Information ▸
====================

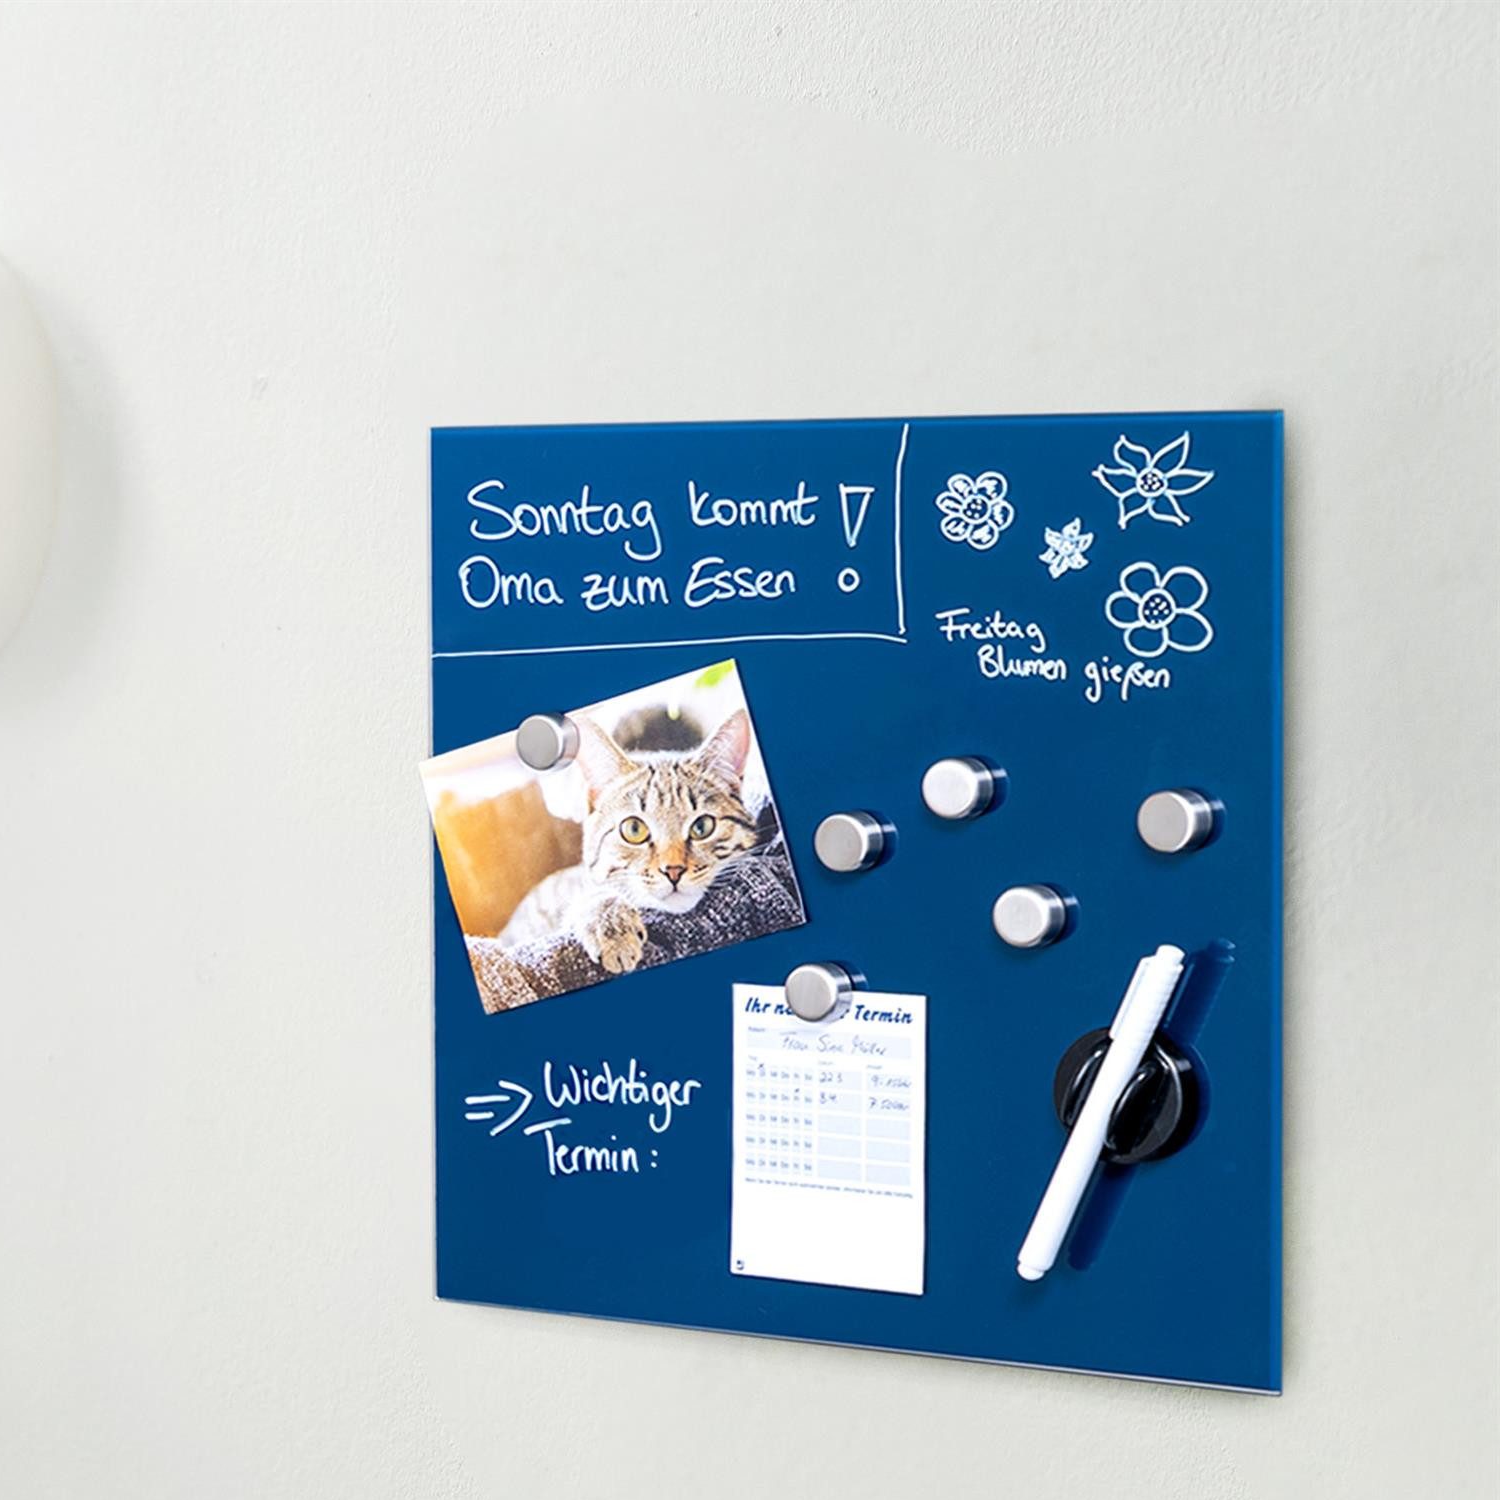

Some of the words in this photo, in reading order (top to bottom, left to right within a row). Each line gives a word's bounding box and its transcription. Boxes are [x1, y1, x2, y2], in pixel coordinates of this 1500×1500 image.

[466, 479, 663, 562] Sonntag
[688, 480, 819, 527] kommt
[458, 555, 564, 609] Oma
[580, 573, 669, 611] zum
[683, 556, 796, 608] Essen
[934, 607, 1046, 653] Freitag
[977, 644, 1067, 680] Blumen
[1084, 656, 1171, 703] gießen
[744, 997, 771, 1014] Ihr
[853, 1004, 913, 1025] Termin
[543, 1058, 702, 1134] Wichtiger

====================

Aim of the task ▸
Please repeat the entries exactly. Do not include the pictures.

Solution to this problem ▸
Some of the words in this photo, in reading order (top to bottom, left to right within a row). Each line gives a word's bounding box and its transcription. Boxes are [x1, y1, x2, y2], in pixel coordinates of this 1500×1500 image.

[466, 479, 663, 562] Sonntag
[688, 480, 819, 527] kommt
[458, 555, 564, 609] Oma
[580, 573, 669, 611] zum
[683, 556, 796, 608] Essen
[934, 607, 1046, 653] Freitag
[977, 644, 1067, 680] Blumen
[1084, 656, 1171, 703] gießen
[744, 997, 771, 1014] Ihr
[853, 1004, 913, 1025] Termin
[543, 1058, 702, 1134] Wichtiger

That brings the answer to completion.